1.3.1 細胞培養及轉染 卵巢癌CAOV3、SKOV3細胞常規培養于RPMI 1640培養基中，置于37℃、飽和濕度5%CO2孵箱中無菌培養。轉染前24h種板，待細胞融合度達90%～95%進行轉染。轉染前1～2h棄掉培養基，加入2ml不含血清的opti-MEM培養基（不含雙抗）混懸Lipofectamine 2000及siRNA，轉染4～6h后換成含雙抗和血清的RPMI 1640完全培養基繼續孵育；轉染24h后加入最適篩選濃度的G418，每3d更換1次含有G418的完全培養基。培養10d后，使用G418的維持濃度繼續培養15d。轉染后以RT-PCR檢測轉染效果。

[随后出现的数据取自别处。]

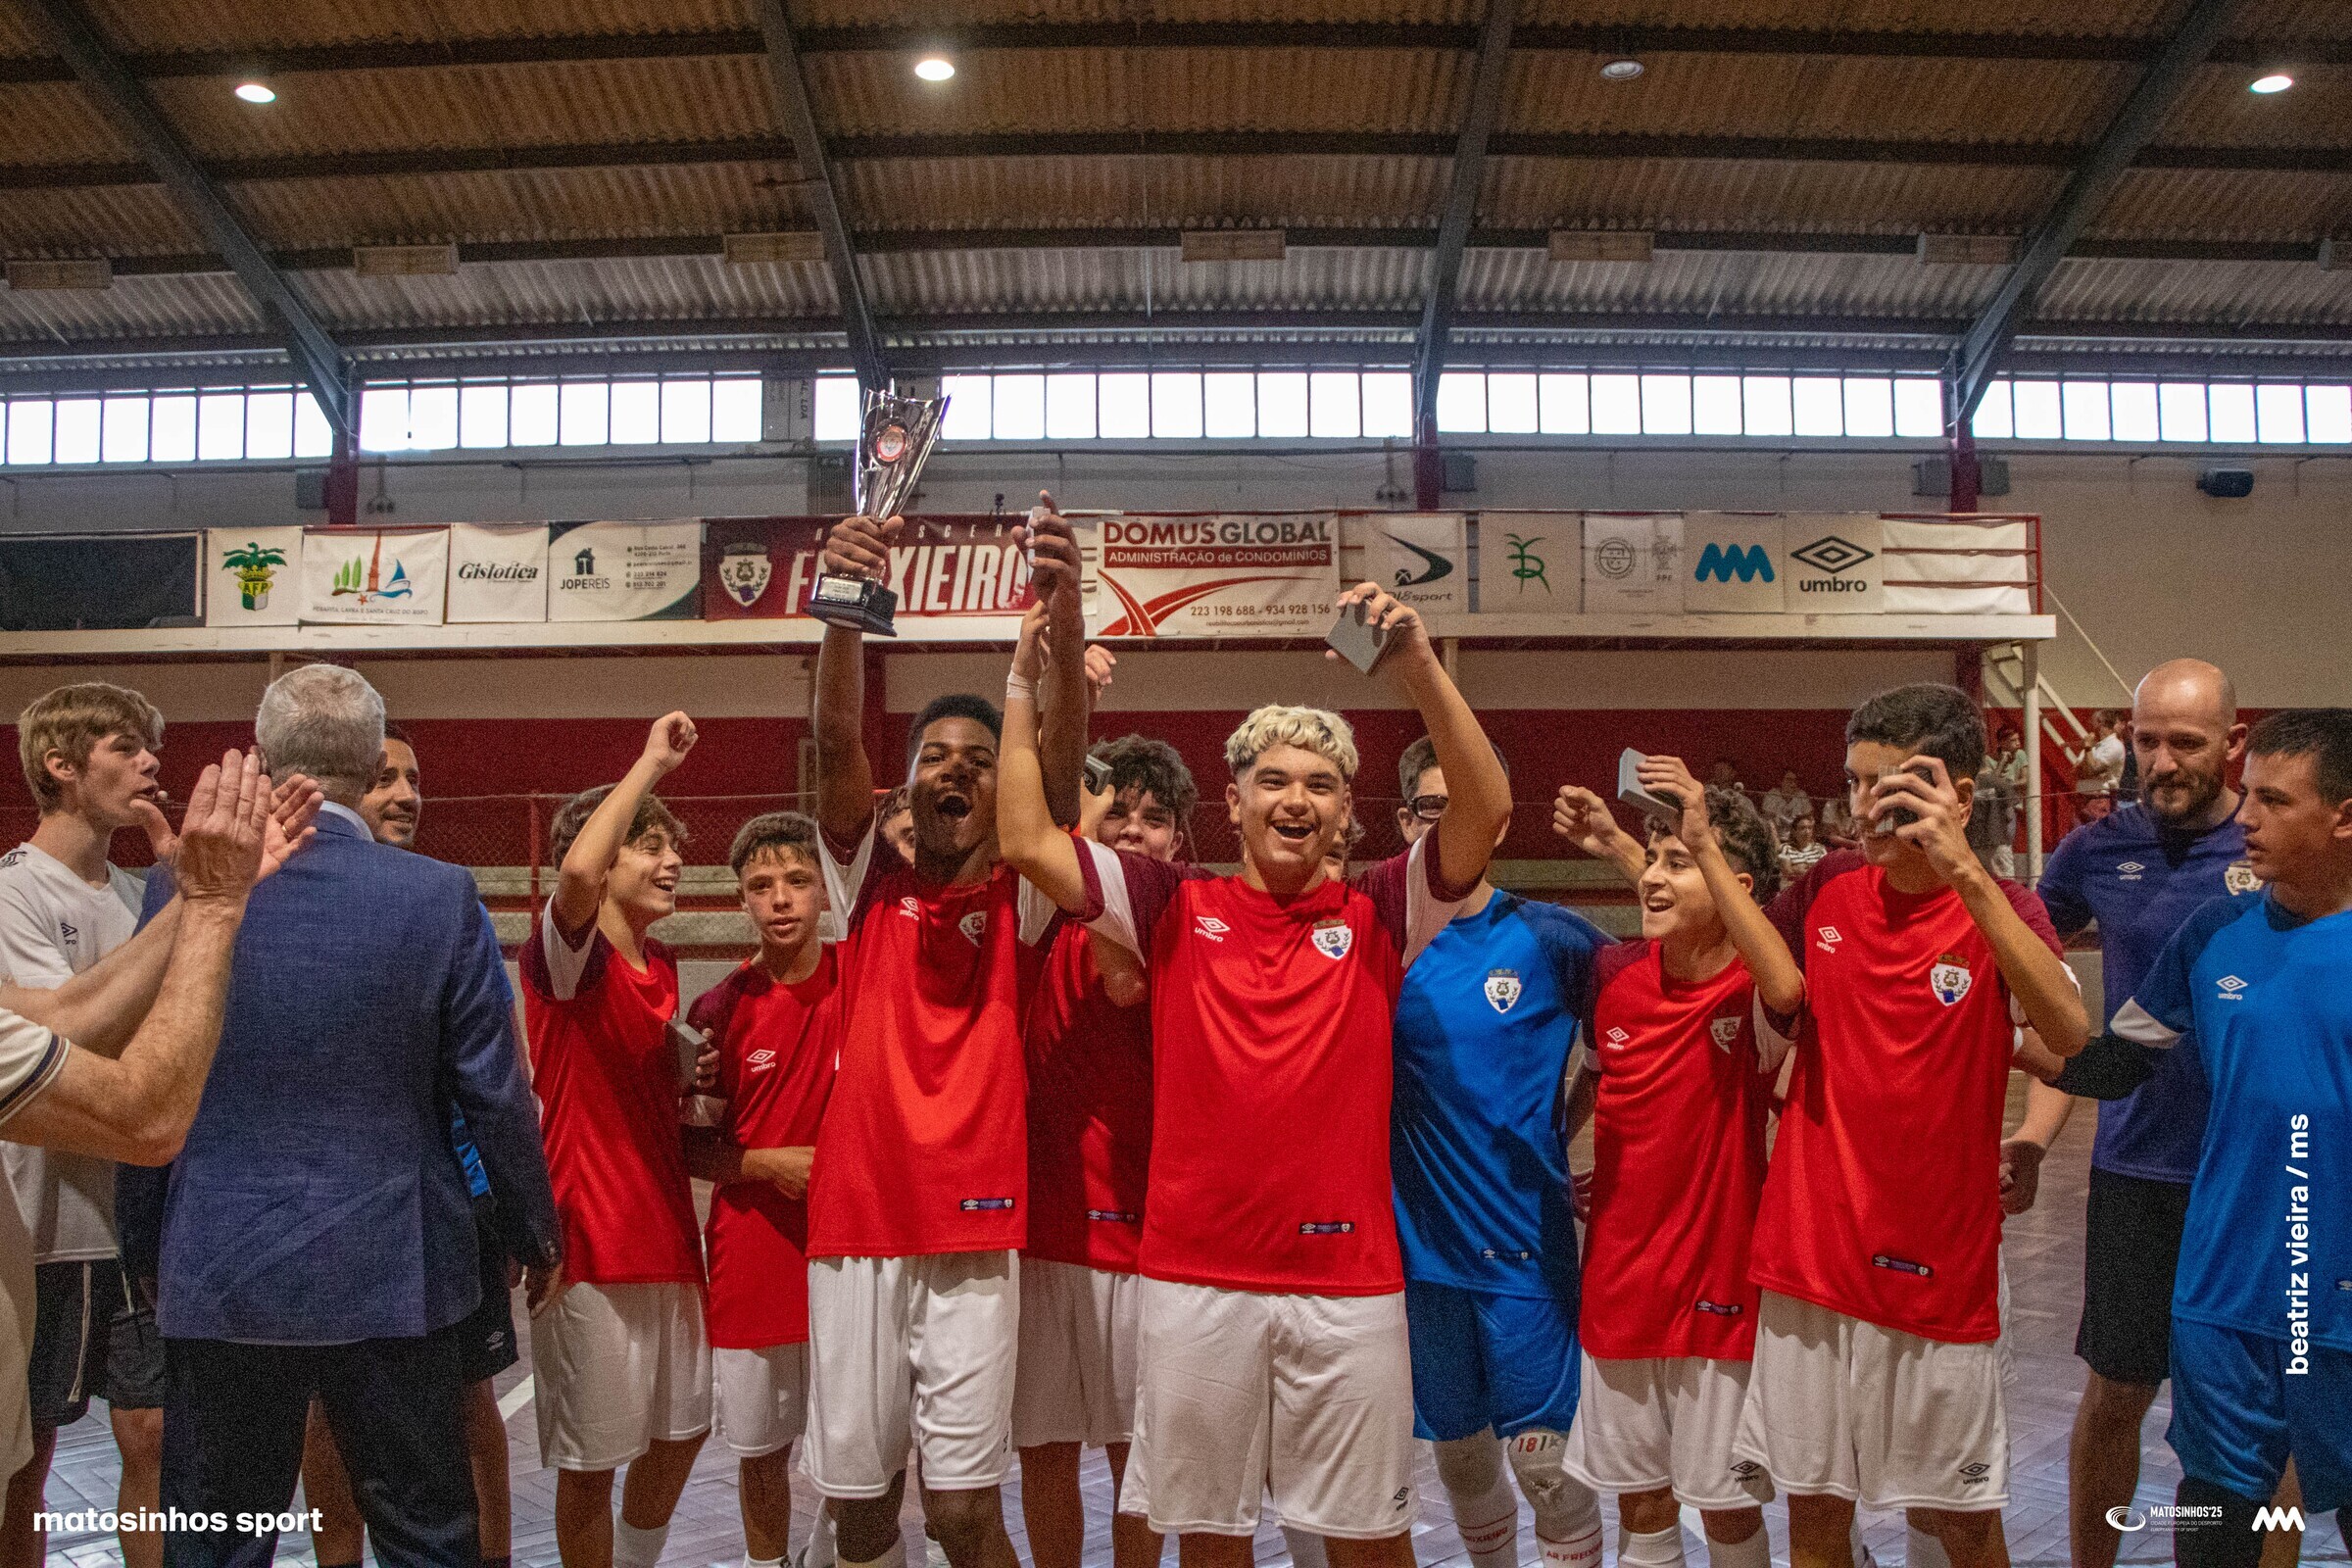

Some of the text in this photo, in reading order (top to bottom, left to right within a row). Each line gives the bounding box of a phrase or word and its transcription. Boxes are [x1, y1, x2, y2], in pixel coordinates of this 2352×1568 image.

1.3.2 CCK-8法檢測TUBA1C基因對CAOV3、SKOV3細胞增殖的影響 分組同1.1，處理同1.3.1。轉染成功后，分別于24、48和72h終止培養，加入CCK-8（5mg/ ml）10μl，繼續孵育0.5～4h后吸盡孔內液體，在450nm測定吸光度，讀取各孔光密度（D）值并計算增殖抑制率，最后繪制增殖曲線圖。增殖抑制率（%）=（各空白對照組D值-相應實驗組D值）/相應空白對照組D值×100%。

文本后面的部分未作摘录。